What is being asked: The expected response is the entire set of entries, copied exactly.

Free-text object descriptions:
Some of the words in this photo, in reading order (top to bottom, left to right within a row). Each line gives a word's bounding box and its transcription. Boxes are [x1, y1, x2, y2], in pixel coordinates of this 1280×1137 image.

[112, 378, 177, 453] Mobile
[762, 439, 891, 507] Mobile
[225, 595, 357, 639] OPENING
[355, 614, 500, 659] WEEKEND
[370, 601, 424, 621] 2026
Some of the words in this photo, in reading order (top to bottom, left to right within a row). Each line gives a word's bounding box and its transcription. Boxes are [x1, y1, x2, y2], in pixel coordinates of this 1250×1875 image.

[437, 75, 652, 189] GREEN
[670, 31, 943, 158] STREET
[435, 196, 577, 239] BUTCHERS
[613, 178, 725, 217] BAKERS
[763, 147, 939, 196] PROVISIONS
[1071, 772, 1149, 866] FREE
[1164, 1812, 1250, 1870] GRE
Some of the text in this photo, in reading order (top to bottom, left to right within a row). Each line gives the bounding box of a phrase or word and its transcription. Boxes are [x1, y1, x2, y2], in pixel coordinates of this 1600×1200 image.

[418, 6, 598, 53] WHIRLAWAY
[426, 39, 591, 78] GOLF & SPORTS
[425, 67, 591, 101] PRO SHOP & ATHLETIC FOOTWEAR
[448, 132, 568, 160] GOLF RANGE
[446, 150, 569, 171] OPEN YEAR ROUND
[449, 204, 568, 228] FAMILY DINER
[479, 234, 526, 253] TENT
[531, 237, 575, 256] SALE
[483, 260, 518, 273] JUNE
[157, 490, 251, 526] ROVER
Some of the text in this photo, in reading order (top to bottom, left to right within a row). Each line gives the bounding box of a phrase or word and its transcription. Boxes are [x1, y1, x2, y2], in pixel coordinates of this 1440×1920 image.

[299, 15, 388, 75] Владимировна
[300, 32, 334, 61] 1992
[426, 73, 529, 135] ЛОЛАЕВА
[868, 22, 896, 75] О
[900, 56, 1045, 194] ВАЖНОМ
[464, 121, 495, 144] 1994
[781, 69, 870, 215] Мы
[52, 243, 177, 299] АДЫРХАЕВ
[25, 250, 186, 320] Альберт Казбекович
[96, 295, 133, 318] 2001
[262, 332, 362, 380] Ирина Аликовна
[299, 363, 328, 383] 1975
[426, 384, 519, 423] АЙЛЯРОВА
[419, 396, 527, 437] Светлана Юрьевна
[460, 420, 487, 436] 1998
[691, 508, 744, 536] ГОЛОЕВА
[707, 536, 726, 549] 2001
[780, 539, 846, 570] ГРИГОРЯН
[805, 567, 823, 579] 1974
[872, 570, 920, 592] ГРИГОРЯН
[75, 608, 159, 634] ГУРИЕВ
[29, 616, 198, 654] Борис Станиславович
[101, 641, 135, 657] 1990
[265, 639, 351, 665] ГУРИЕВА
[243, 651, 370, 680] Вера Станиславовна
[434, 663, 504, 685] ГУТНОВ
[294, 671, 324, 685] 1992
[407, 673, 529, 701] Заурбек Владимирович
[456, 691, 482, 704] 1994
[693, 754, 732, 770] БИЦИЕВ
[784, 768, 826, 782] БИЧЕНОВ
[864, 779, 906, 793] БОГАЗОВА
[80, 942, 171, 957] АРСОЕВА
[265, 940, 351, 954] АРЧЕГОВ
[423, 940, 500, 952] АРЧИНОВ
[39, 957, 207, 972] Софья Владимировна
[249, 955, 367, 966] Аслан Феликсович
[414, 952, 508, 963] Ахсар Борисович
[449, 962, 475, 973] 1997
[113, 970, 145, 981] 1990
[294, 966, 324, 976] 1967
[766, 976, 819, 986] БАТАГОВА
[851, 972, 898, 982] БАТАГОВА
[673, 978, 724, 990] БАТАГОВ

Answer space:
Some of the words in this photo, in reading order (top to bottom, left to right within a row). Each line gives a word's bounding box and its transcription. Boxes are [x1, y1, x2, y2], in pixel coordinates of this 1280×1137 image.

[112, 378, 177, 453] Mobile
[762, 439, 891, 507] Mobile
[225, 595, 357, 639] OPENING
[355, 614, 500, 659] WEEKEND
[370, 601, 424, 621] 2026
Some of the words in this photo, in reading order (top to bottom, left to right within a row). Each line gives a word's bounding box and its transcription. Boxes are [x1, y1, x2, y2], in pixel coordinates of this 1250×1875 image.

[437, 75, 652, 189] GREEN
[670, 31, 943, 158] STREET
[435, 196, 577, 239] BUTCHERS
[613, 178, 725, 217] BAKERS
[763, 147, 939, 196] PROVISIONS
[1071, 772, 1149, 866] FREE
[1164, 1812, 1250, 1870] GRE
Some of the text in this photo, in reading order (top to bottom, left to right within a row). Each line gives the bounding box of a phrase or word and its transcription. Boxes are [x1, y1, x2, y2], in pixel coordinates of this 1600×1200 image.

[418, 6, 598, 53] WHIRLAWAY
[426, 39, 591, 78] GOLF & SPORTS
[425, 67, 591, 101] PRO SHOP & ATHLETIC FOOTWEAR
[448, 132, 568, 160] GOLF RANGE
[446, 150, 569, 171] OPEN YEAR ROUND
[449, 204, 568, 228] FAMILY DINER
[479, 234, 526, 253] TENT
[531, 237, 575, 256] SALE
[483, 260, 518, 273] JUNE
[157, 490, 251, 526] ROVER
Some of the text in this photo, in reading order (top to bottom, left to right within a row). Each line gives the bounding box of a phrase or word and its transcription. Boxes are [x1, y1, x2, y2], in pixel coordinates of this 1440×1920 image.

[299, 15, 388, 75] Владимировна
[300, 32, 334, 61] 1992
[426, 73, 529, 135] ЛОЛАЕВА
[868, 22, 896, 75] О
[900, 56, 1045, 194] ВАЖНОМ
[464, 121, 495, 144] 1994
[781, 69, 870, 215] Мы
[52, 243, 177, 299] АДЫРХАЕВ
[25, 250, 186, 320] Альберт Казбекович
[96, 295, 133, 318] 2001
[262, 332, 362, 380] Ирина Аликовна
[299, 363, 328, 383] 1975
[426, 384, 519, 423] АЙЛЯРОВА
[419, 396, 527, 437] Светлана Юрьевна
[460, 420, 487, 436] 1998
[691, 508, 744, 536] ГОЛОЕВА
[707, 536, 726, 549] 2001
[780, 539, 846, 570] ГРИГОРЯН
[805, 567, 823, 579] 1974
[872, 570, 920, 592] ГРИГОРЯН
[75, 608, 159, 634] ГУРИЕВ
[29, 616, 198, 654] Борис Станиславович
[101, 641, 135, 657] 1990
[265, 639, 351, 665] ГУРИЕВА
[243, 651, 370, 680] Вера Станиславовна
[434, 663, 504, 685] ГУТНОВ
[294, 671, 324, 685] 1992
[407, 673, 529, 701] Заурбек Владимирович
[456, 691, 482, 704] 1994
[693, 754, 732, 770] БИЦИЕВ
[784, 768, 826, 782] БИЧЕНОВ
[864, 779, 906, 793] БОГАЗОВА
[80, 942, 171, 957] АРСОЕВА
[265, 940, 351, 954] АРЧЕГОВ
[423, 940, 500, 952] АРЧИНОВ
[39, 957, 207, 972] Софья Владимировна
[249, 955, 367, 966] Аслан Феликсович
[414, 952, 508, 963] Ахсар Борисович
[449, 962, 475, 973] 1997
[113, 970, 145, 981] 1990
[294, 966, 324, 976] 1967
[766, 976, 819, 986] БАТАГОВА
[851, 972, 898, 982] БАТАГОВА
[673, 978, 724, 990] БАТАГОВ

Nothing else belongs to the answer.